7 Keys to Attracting Gen Xers and Millennials to Your Practice
What would you like to know
- By 2030, Generation X and Y households will control 47% of the wealth in the United States, compared to 45% of baby boomers.
- Firms in the top quartile of revenue growth have more younger investors among their clients.
- This group prefers a financial coach to a financial planner.
Baby boomers have been the primary clientele of financial advisers for years, but a practice needs new blood to continue to grow. Since Gen X and Millennials will control 47% of America’s wealth by 2030, advisors need to understand how to attract this younger group and scale their businesses accordingly.
And the wealth of the younger generations will only increase as they will inherit a “significant share of the $ 24 trillion expected to be passed on over the next decade,” according to the report. a new study by T. Rowe Price which explores the attitudes of the next generation towards financial planning – and planners. “In fact, the next generation will overtake the baby boomer legacies in just three years.”
Additionally, the companies with the strongest revenue growth had the highest percentage of customers under 55 (the oldest Gen X are 56 this year). The study found that 37% of customers of companies in the top quartile of revenue growth were in this age group. Only 12% of business customers in the bottom quartile were 55 or younger.

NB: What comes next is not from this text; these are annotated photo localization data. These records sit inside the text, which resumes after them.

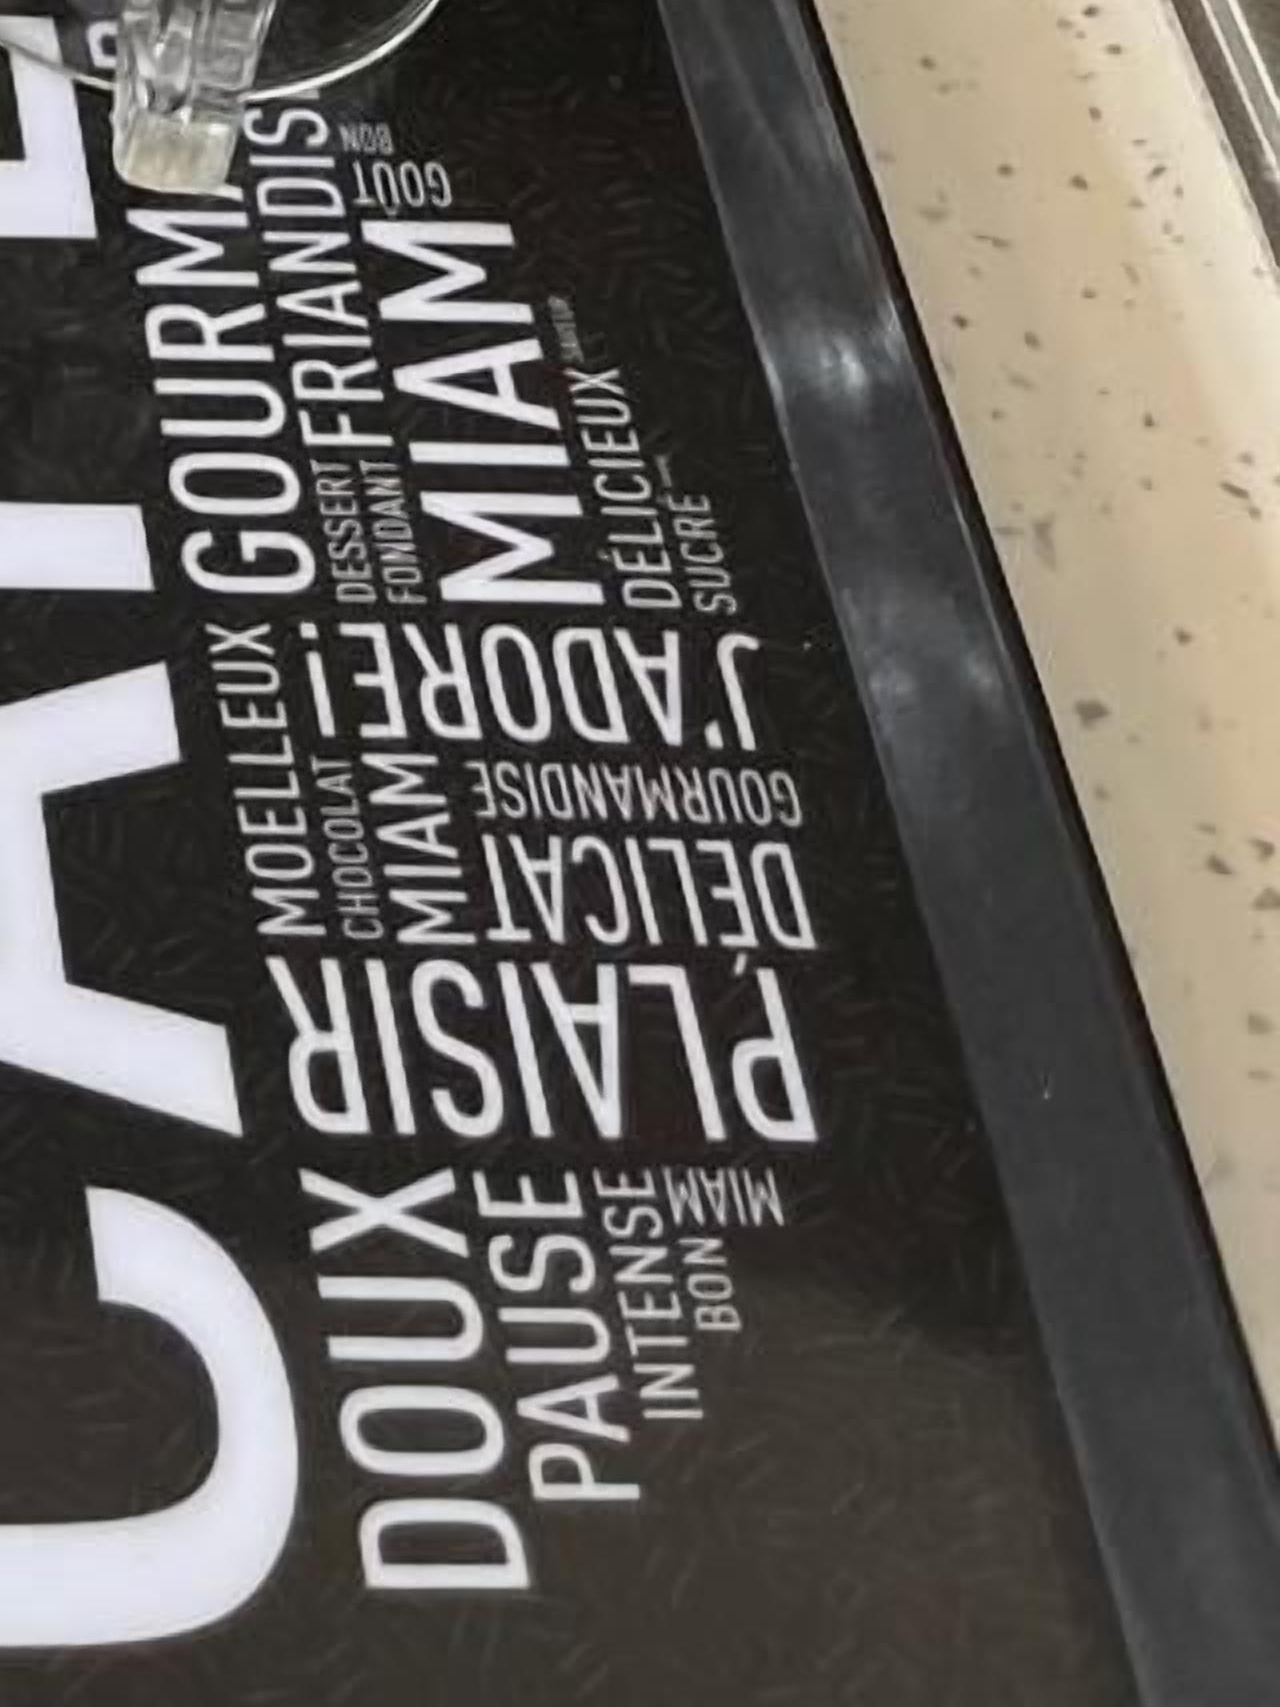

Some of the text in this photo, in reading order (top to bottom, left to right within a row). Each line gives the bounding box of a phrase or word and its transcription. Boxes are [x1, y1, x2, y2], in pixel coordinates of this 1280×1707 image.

[243, 89, 393, 446] FRIANDIS
[361, 220, 605, 605] MIAM
[563, 367, 683, 610] DÉLICIEUX
[312, 459, 378, 604] DESSERT
[360, 460, 427, 605] FONDANT
[205, 623, 326, 935] MOELLEUX
[299, 622, 759, 751] J'ADORE!
[311, 755, 384, 939] CHOCOLAT
[361, 752, 477, 944] MIAM
[464, 760, 803, 827] GOURMANDISE
[482, 834, 818, 975] DÉLICAT
[265, 957, 818, 1142] PLAISIR
[662, 1166, 785, 1226] MIAM
[679, 1237, 741, 1331] BON
[299, 1167, 530, 1589] DOUX
[473, 1171, 640, 1500] PAUSE
[594, 1167, 703, 1419] INTENSE
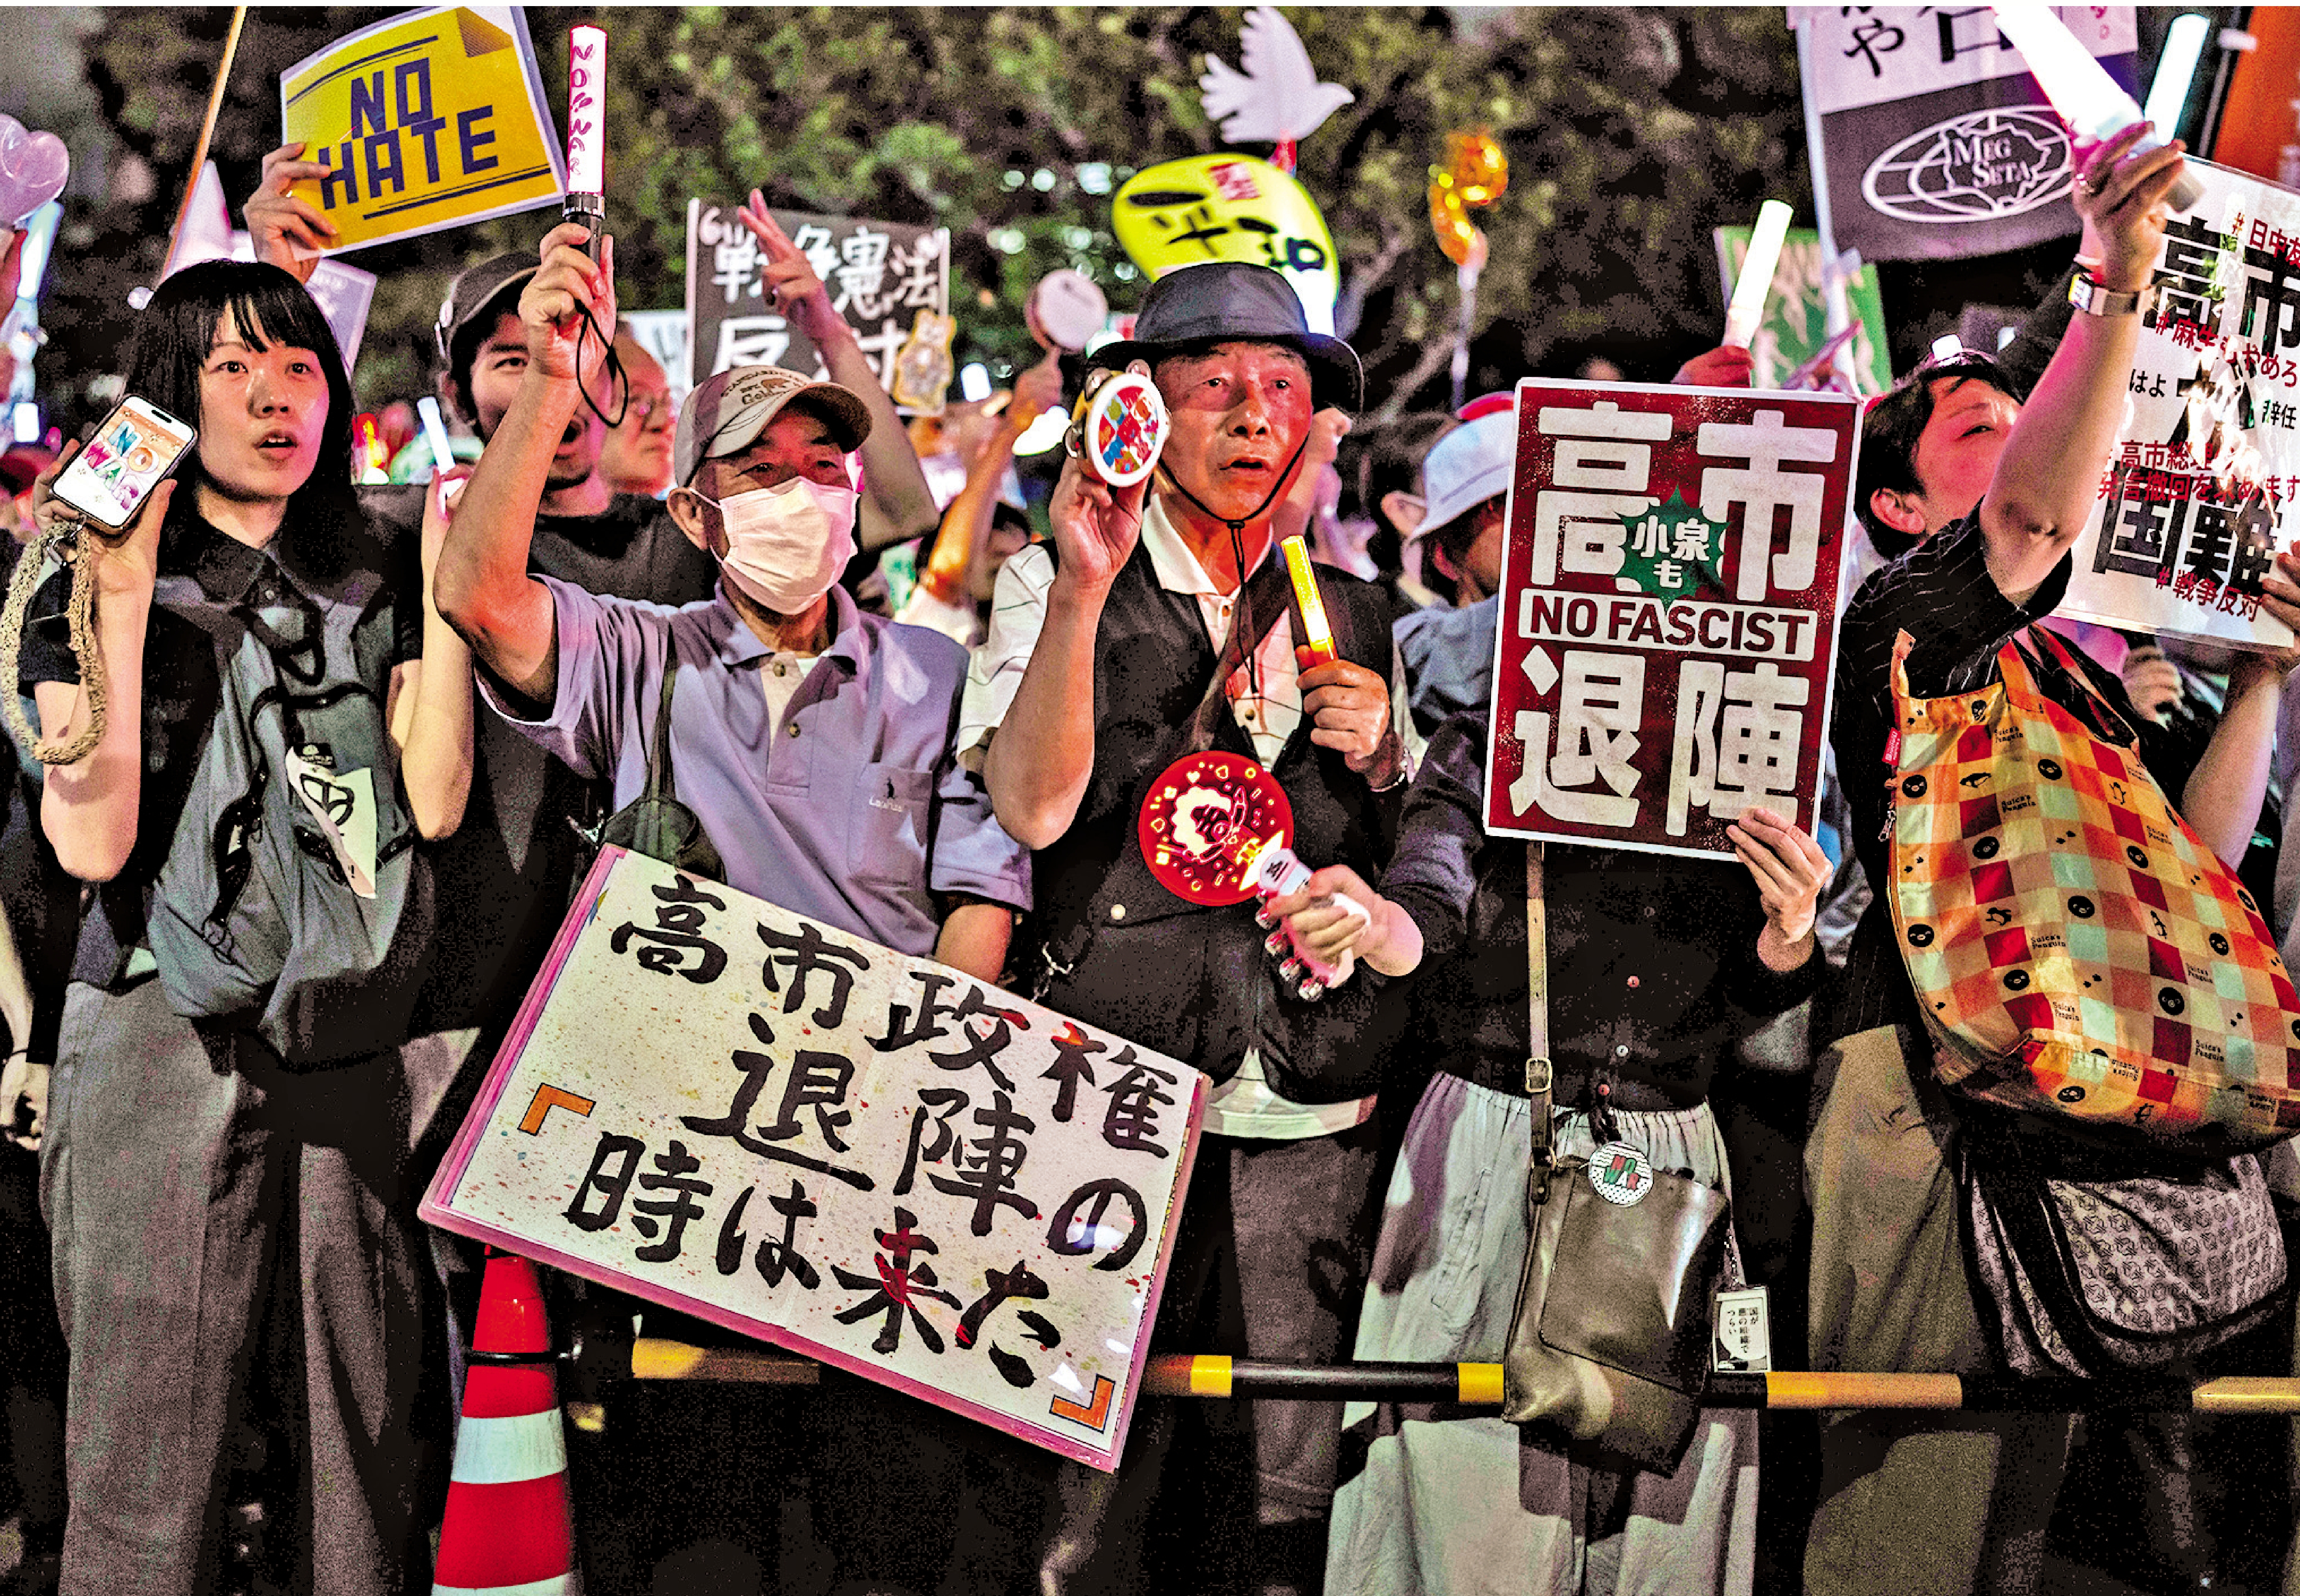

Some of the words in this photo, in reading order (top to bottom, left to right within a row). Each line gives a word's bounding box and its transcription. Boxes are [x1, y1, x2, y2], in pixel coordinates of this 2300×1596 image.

[351, 57, 433, 140] NO
[318, 105, 499, 210] HATE
[2142, 215, 2300, 358] 高市
[2129, 368, 2166, 398] はよ
[84, 439, 141, 511] WAR
[107, 420, 154, 472] NO
[1531, 401, 1838, 602] 高市
[1631, 514, 1711, 562] 小泉
[2092, 460, 2283, 596] 国難
[1654, 559, 1683, 589] も
[1530, 595, 1598, 638] NO
[1607, 602, 1810, 656] FASCIST
[1508, 644, 1810, 837] 退陣
[611, 874, 1178, 1159] 高市政権
[678, 1012, 1148, 1271] 退陣の
[1603, 1166, 1640, 1192] WAR
[1610, 1154, 1638, 1174] NO
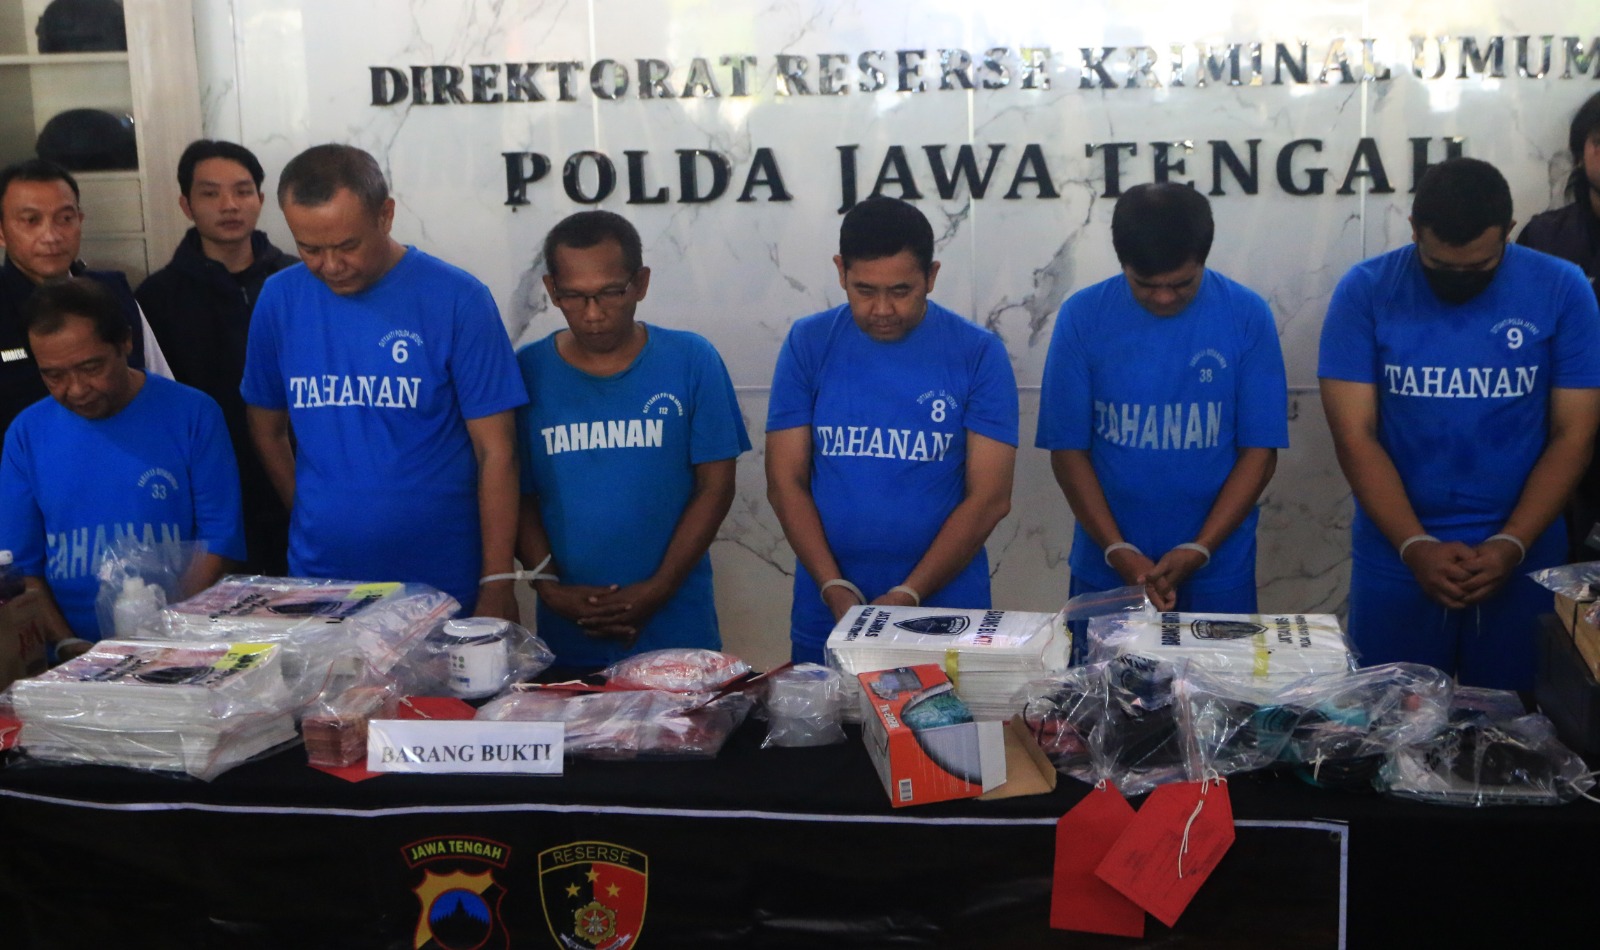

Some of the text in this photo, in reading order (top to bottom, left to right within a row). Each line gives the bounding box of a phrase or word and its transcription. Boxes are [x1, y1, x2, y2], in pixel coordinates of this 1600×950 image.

[369, 34, 1600, 106] DIREKTORAT RESERSE KRIMINAL UMUM
[501, 136, 1465, 215] POLDA JAWA TENGAH
[1506, 327, 1523, 349] 9
[391, 340, 408, 364] 6
[1199, 368, 1213, 383] 38
[1384, 364, 1539, 398] TAHANAN
[290, 374, 422, 409] TAHANAN
[931, 399, 946, 423] 8
[1094, 400, 1222, 450] TAHANAN
[541, 419, 664, 456] TAHANAN
[817, 426, 953, 462] TAHANAN
[151, 484, 167, 500] 33
[980, 610, 1005, 628] BARANG
[381, 743, 552, 763] BARANG BUKTI
[411, 840, 502, 860] JAWA TENGAH
[553, 846, 630, 865] RESERSE

The quantitative and qualitative study looked at the richest 10% aged 25 to 49, oversampling various demographics, with $ 100,000 to $ 1 million in investable assets, compared to those over 50 years with over $ 1 million in investable assets. The study also examines subsets of these groups.
The Pew Research Center defines Generation X as Americans born from 1965 to 1980 and Millennials as those born from 1981 to 1996.
“ An old white dude on a golf course ”
Millennials and Millennials have some take on counselors, the study found, stating that they’re usually “an old white man on a golf course” or “they’re talking to people who have a sum of money. magic money. “
Here are seven findings on younger generations and the steps advisors can take to make their business more profitable.
1. Next Wave investors don’t believe they are doing well – or that advisors want their business.
They don’t see themselves as “rich,” so they don’t believe an advisor is interested in them, the study found. In addition, they are not about “an overabundance” of retirement messages.
The youngest of these investors, those born after 1980, have what T. Rowe Price calls a “state of mind of scarcity.” They have experienced two major recessions, one war and now a global pandemic without the ‘prosperity’ of the ’80s and’ 90s as adults.
This had a big impact on their investments, the study notes: They save more, they are more conservative and risk averse than older investors and have a negative feeling about their current situation. Most don’t feel rich enough to afford an advisor.